Yaël spricht viel von Hoffnung, auch heute, fast zehn Jahre nach dem Anschlag und eineinhalb Jahre nach Entstehung der Dokumentation. Sie hat sich in all den Jahren der Trauer daran festgehalten: "Wir können uns den Luxus nicht erlauben, keine Hoffnung zu haben." Wenn Versöhnung zwischen zwei Familien möglich ist, dann vielleicht auch irgendwann zwischen zwei Völkern.
Der Film handelt von einer persönlichen Annäherung, aber er zeigt auch das Umfeld: Yaël beschreibt die beklemmende Stimmung in Israel während der zweiten Intifada, über 500 Israeli sind nach Angaben israelischer Behörden durch Selbstmordattentäter getötet worden. Die Nachrichtenbilder des zerbombten israelischen Restaurants, in dem Dov starb, werden überlagert von Bildern zerstörter Häuser im Westjordanland. Wenige Tage nach Dovs Tod marschierte die israelische Armee mit Panzern und Bulldozern in Dschenin ein und zerstörte große Teile der Stadt. Ein ehemaliger Anführer der radikalen palästinensischen Aksa-Märtyrer-Brigaden erzählt, wie ein Scharfschütze seine Mutter mit einem Schuss tötete.
Arabische Bekannte hatten Yaël im Vorfeld gewarnt, die Familie Tobassi werde ihre Geste nicht verstehen, diese Art der Versöhnung sei in der arabischen Kultur nicht vorgesehen. Und auch viele ihrer Freunde haben sie nicht verstanden, israelische Juden, aber auch Katholiken in Frankreich.

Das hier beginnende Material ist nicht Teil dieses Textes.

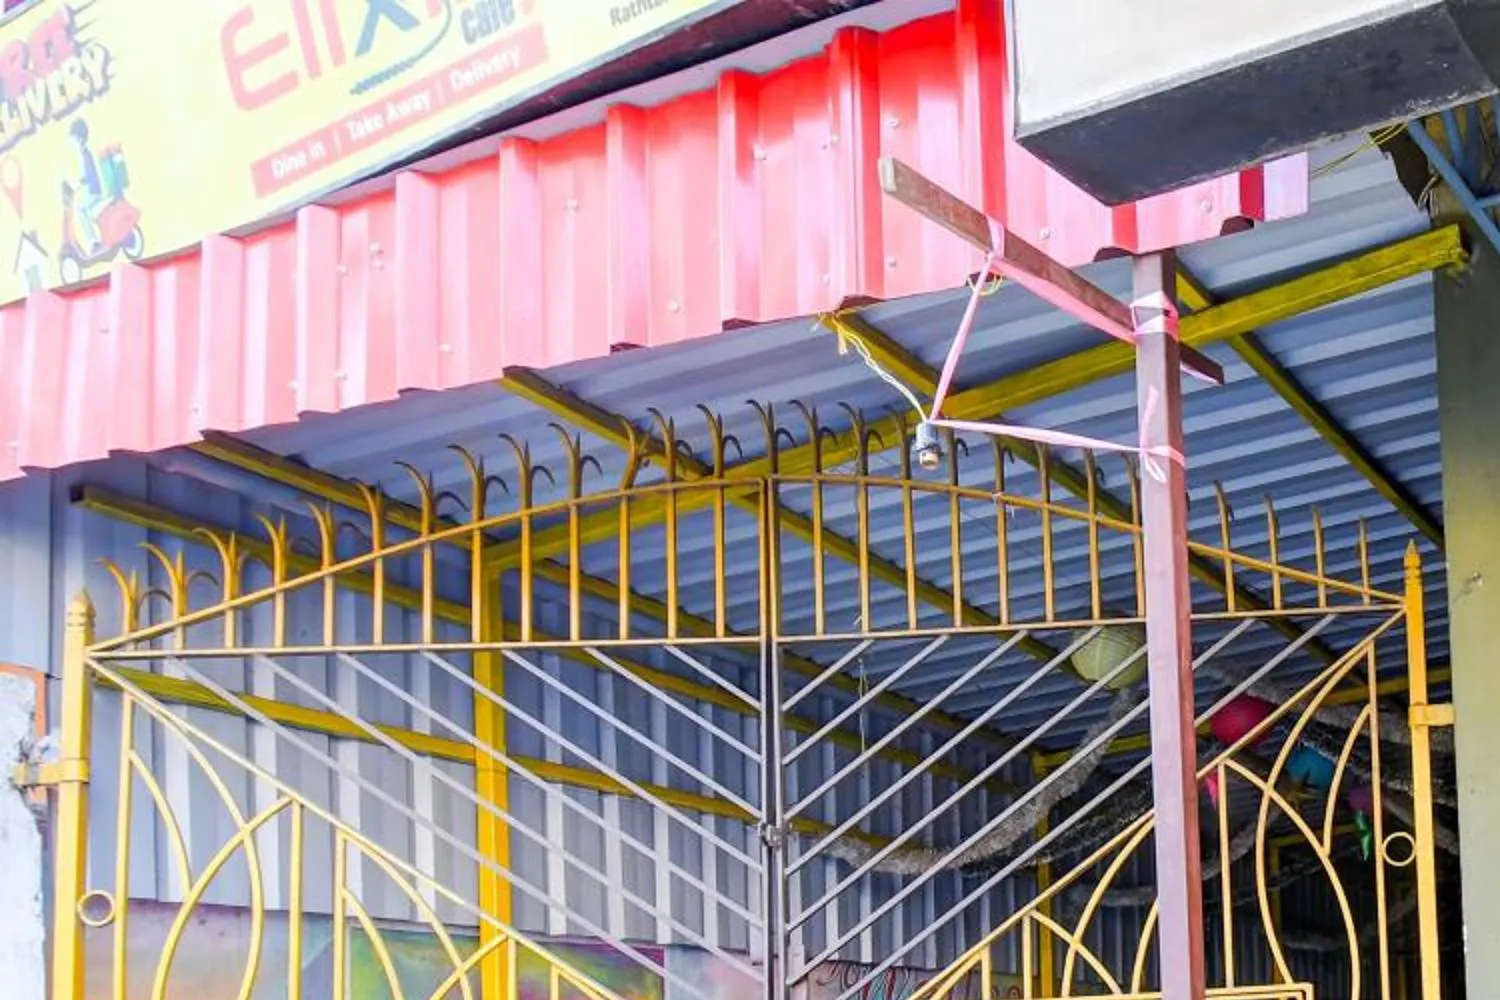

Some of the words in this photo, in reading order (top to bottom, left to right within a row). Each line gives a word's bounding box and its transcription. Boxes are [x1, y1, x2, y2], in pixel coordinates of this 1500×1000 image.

[346, 112, 385, 141] Take
[386, 89, 431, 126] Away
[451, 47, 520, 92] Delivery

Ein Prozent für den Frieden
Und die persönliche Annäherung war schwierig. Bevor es zu dem Treffen zwischen Yaël und den Tobassis kommen konnte, verbrachten die beiden deutschen Regisseurinnen Monate bei der Familie Tobassi in Dschenin. Als sie Zakaria Tobassi, den Vater des Attentäters, fragten, ob er von den Plänen seines Sohnes gewusst habe, wurde das aufgebaute Vertrauen schlagartig zerstört. Allein der Verdacht, der Vater könne etwas gewusst haben, kann ihn in große Schwierigkeiten mit der israelischen Regierung bringen. Erst nach einiger Zeit durften die Filmemacherinnen die Kamera wieder mit ins Haus der Tobassis bringen. Dann, viel später, das allererste Telefonat zwischen Yaël und Zakaria. "Sie sind in meinem Haus willkommen", sagt Zakaria Tobassi. Dieses Haus hat er nach dem Angriff der israelischen Armee an selber Stelle wieder aufgebaut, er wohnt dort mit seiner Frau, seinen Söhnen, die als Maler arbeiten, und deren Familien.

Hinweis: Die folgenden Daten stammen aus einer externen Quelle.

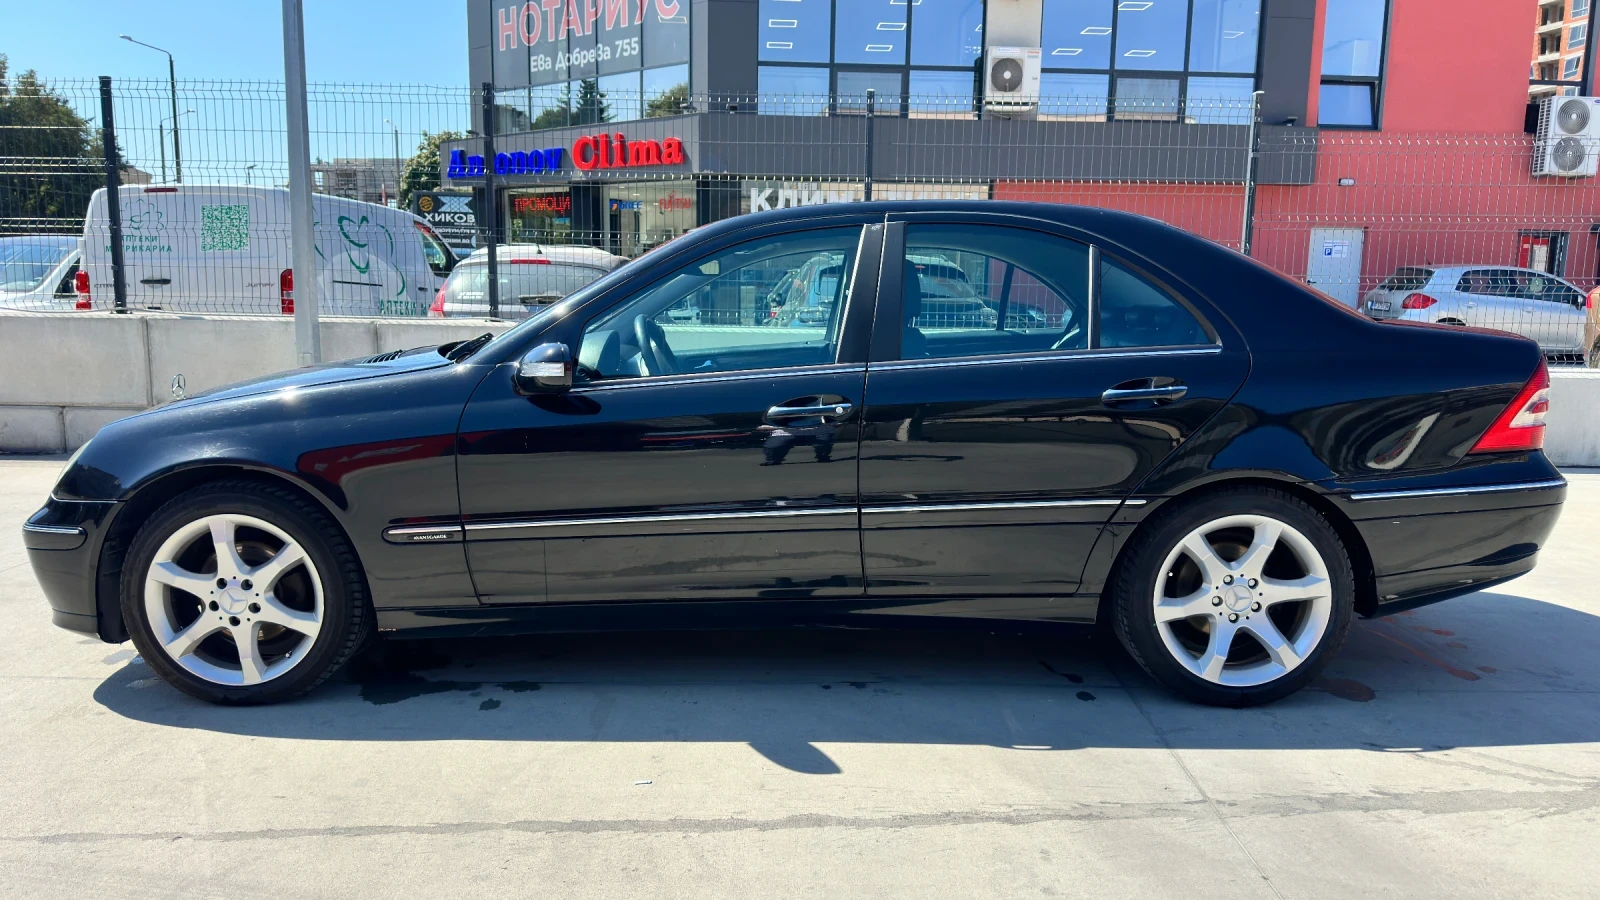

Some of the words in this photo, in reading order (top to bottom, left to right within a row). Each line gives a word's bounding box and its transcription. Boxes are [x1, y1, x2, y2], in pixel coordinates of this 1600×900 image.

[531, 56, 552, 72] Ева
[615, 37, 639, 58] 755
[447, 148, 565, 179] Anonov
[572, 132, 685, 171] Clima
[105, 245, 173, 253] МРИКАРИА
[121, 235, 158, 243] ПТЕКИ
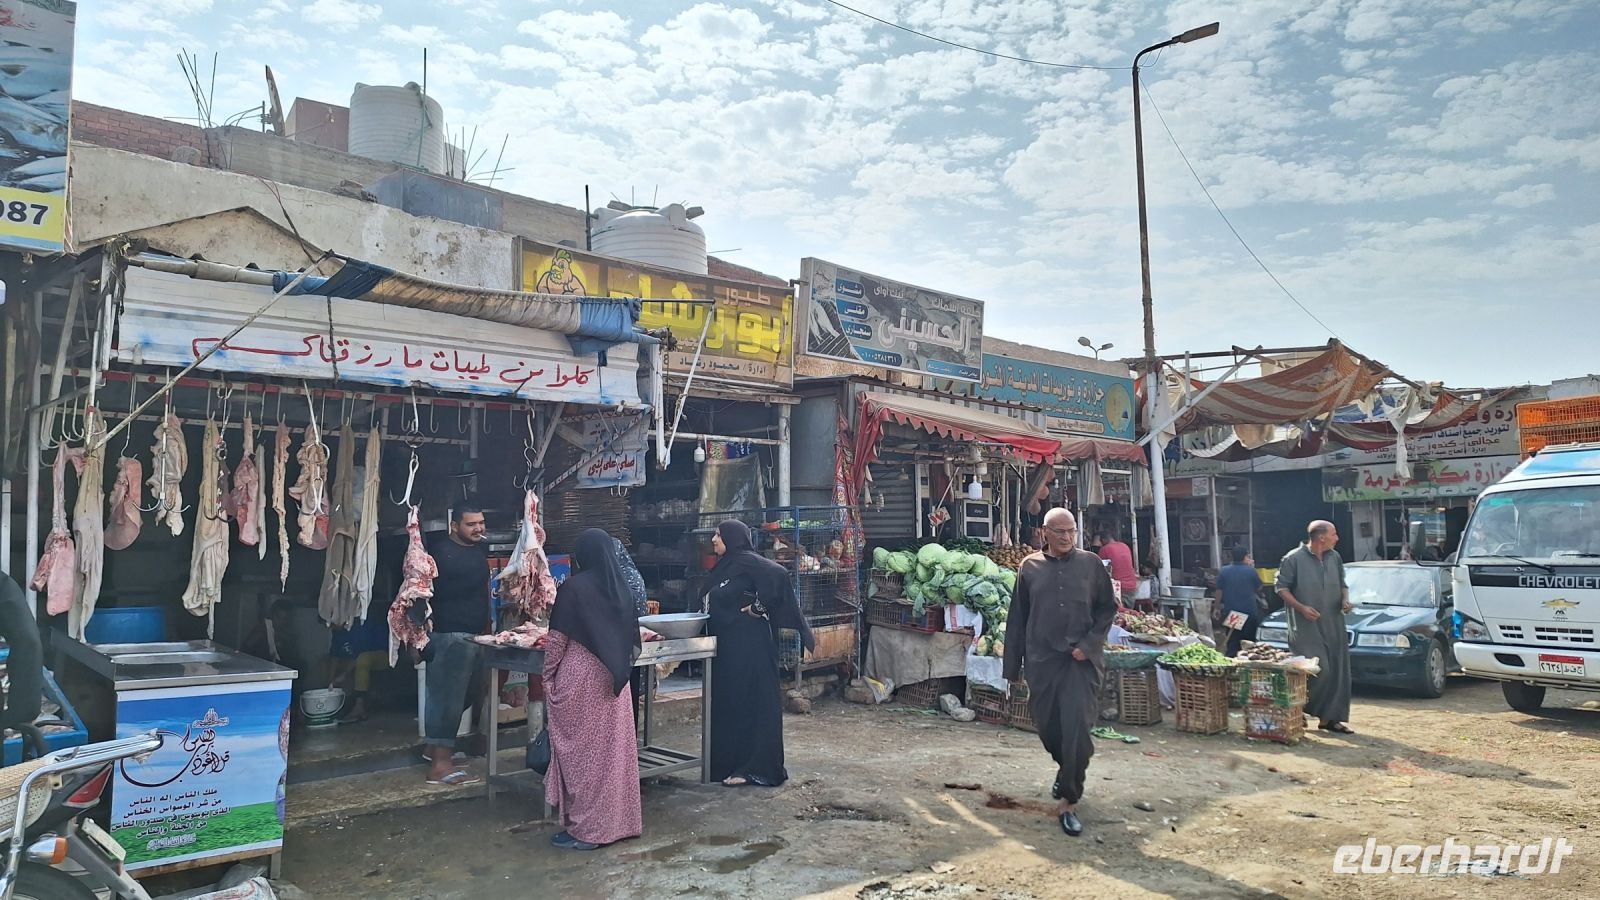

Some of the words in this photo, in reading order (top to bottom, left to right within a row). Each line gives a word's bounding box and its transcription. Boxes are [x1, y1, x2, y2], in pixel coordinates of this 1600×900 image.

Die Tobassis haben Yaël in ihr Haus aufgenommen, haben vor ihrem Besuch die Bilder des Sohnes abgehängt, sind mit ihr durch die Straßen von Dschenin gelaufen, unter den Augen der Nachbarn. Sie haben die Geste verstanden und erwidert.
Es gibt eine Szene im Film, da stellt die palästinensische Co-Regisseurin Manal Abdallah die Dokumentation in Frage. Sie fürchtet, dass ein falsches Bild der Israelis entsteht. Schließlich wollten nur ganz wenige wie Yaël Frieden, "höchstens ein Prozent". Diese Passage macht Yaël heute noch traurig, wenn sie über den Film spricht, und auch ein bisschen wütend. Ihre ruhige Stimme wird aufgeregt und lauter. "Ich verstehe nicht, wieso sie so etwas sagt. Nur ein Prozent, das stimmt nicht. Wir sind mehr als viele denken." Yaël wünscht sich, dass das auch in den besetzten Gebieten ankommt. Doch Panzer und Grenzposten sind präsenter als Worte.
Im Februar 2011 haben sich Yaël Armanet, Zakaria und Nadije Tobassis noch einmal gesehen. In Berlin, auf der Gala von Cinema for Peace standen sie gemeinsam auf der Bühne. Danach unterhielten sie sich über ihre Kinder und Enkelkinder, Zakaria Tobassi zeigte Fotos auf seinem Handy. "Wir werden uns wiedersehen", sagte er zum Abschied.